Clinical and molecular characterization of ovarian carcinoma displaying isolated lymph node relapse

Abstract Background Disease relapse is the primary cause death from ovarian carcinoma (OC). Isolated lymph node relapse (ILNR) is a rare pattern of OC recurrence, with a reported median post-relapse survival (PRS) of 2.5-4 years. To date, investigations have not compared ILNR OC directly to a matched extra-nodal relapse (ENR) cohort or performed molecular characterization of cases that subsequently experience ILNR. Objective(s) Here we seek to compare the clinical outcome, tumour-infiltrating lymphocyte burden and frequency of known prognostic genomic events in ILNR OC versus ENR OC. Study design 49 ILNR OC patients were identified and matched to 49 ENR cases using the Edinburgh Ovarian Cancer Database, from which the clinical data for identified patients were retrieved.
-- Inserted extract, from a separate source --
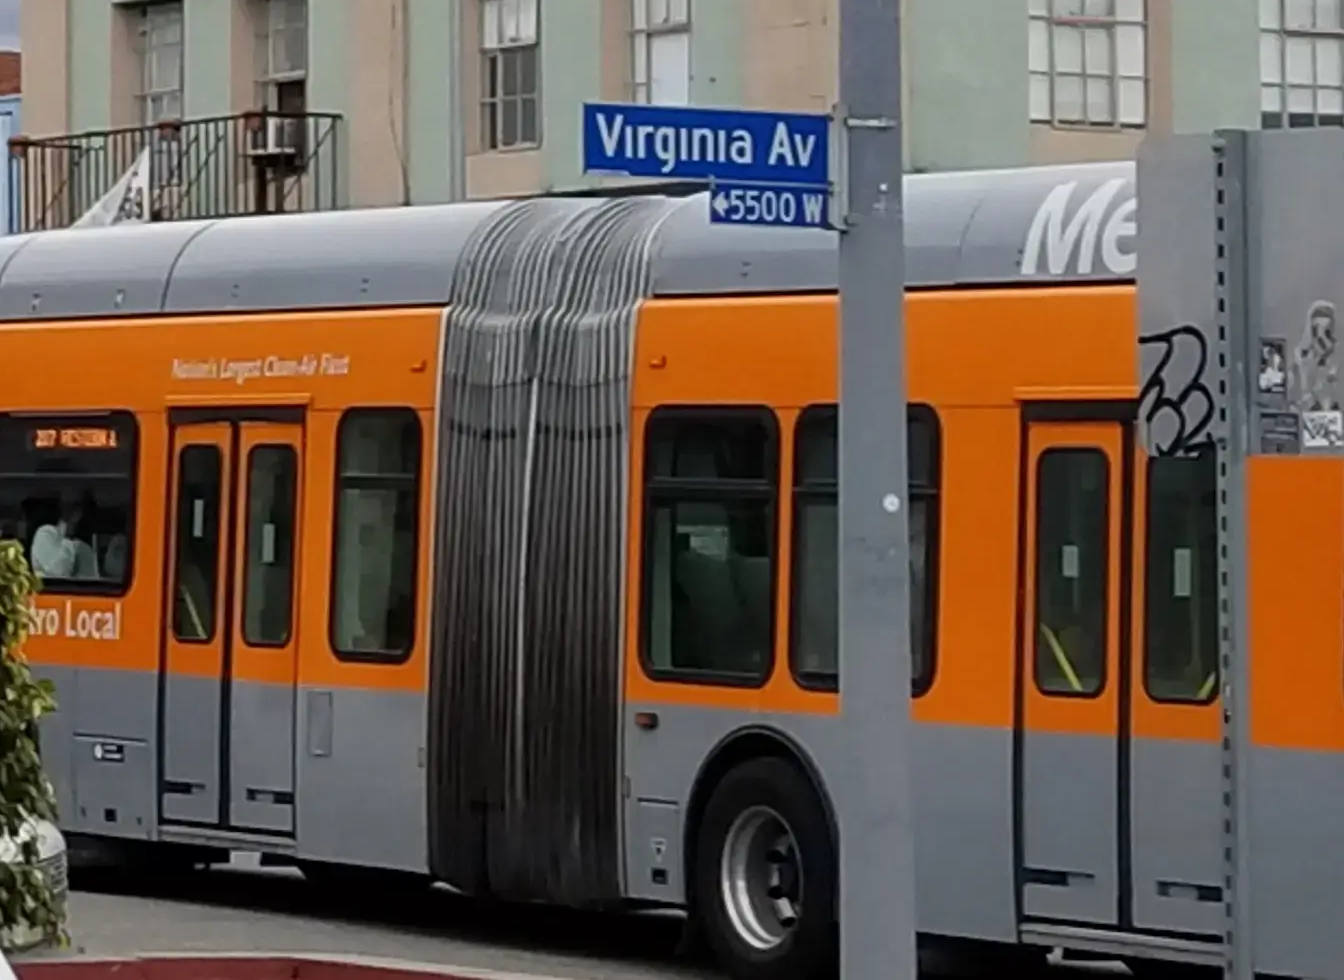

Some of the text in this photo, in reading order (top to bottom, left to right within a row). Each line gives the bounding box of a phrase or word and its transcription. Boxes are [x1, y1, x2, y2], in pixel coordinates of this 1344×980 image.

[596, 113, 816, 173] Virginia Av
[730, 191, 823, 224] 5500 W
[65, 600, 122, 640] Local
Matching criteria were disease stage, histological subtype and grade, extent of residual disease following surgical debulking and age at diagnosis. Clinicopathological factors and survival data were compared between the ILNR and ENR cohorts. Genomic characterization of tumor material from diagnosis was performed using panel-based high throughput sequencing and tumor-infiltrating T-cell burden was assessed using immunohistochemistry for CD3+ and CD8+ cells. Results ILNR cases demonstrated significantly prolonged PRS and overall survival (OS) versus ENR upon multivariable analysis (HR multi =0.52[0.33-0.84] and 0.51[0.31-0.84]). Diagnostic specimens from high grade serous (HGS) OCs that subsequently displayed ILNR harboured significantly greater CD3+ and CD8+ cell infiltration compared to ENR cases (P=0.001 and P=0.009, Bonferroni-adjusted P=0.003 and 0.019). ILNR HGS OC cases did not show marked enrichment or depletion of cases with BRCA1/2 mutation or CCNE1 copy number gain when compared to their ENR counterparts (24.4% vs 19.4% and 18.2% vs 22.6%, P=0.865 and P=0.900). Conclusion(s) ILNR OC represents a distinct clinical entity with favorable outcome compared to ENR. There was no clear enrichment or depletion of BRCA1/2 mutation or CCNE1 gain in the ILNR OC cohort compared with ENR cases, suggesting that these known prognostic genomically-defined subtypes of disease do not display markedly altered propensity for ILNR. Diagnostic tumor material from ILNR patients demonstrated greater CD3+ and CD8+ cell infiltration, indicating stronger tumor engagement by T-cell populations, which may contribute to the more indolent disease course of ILNR.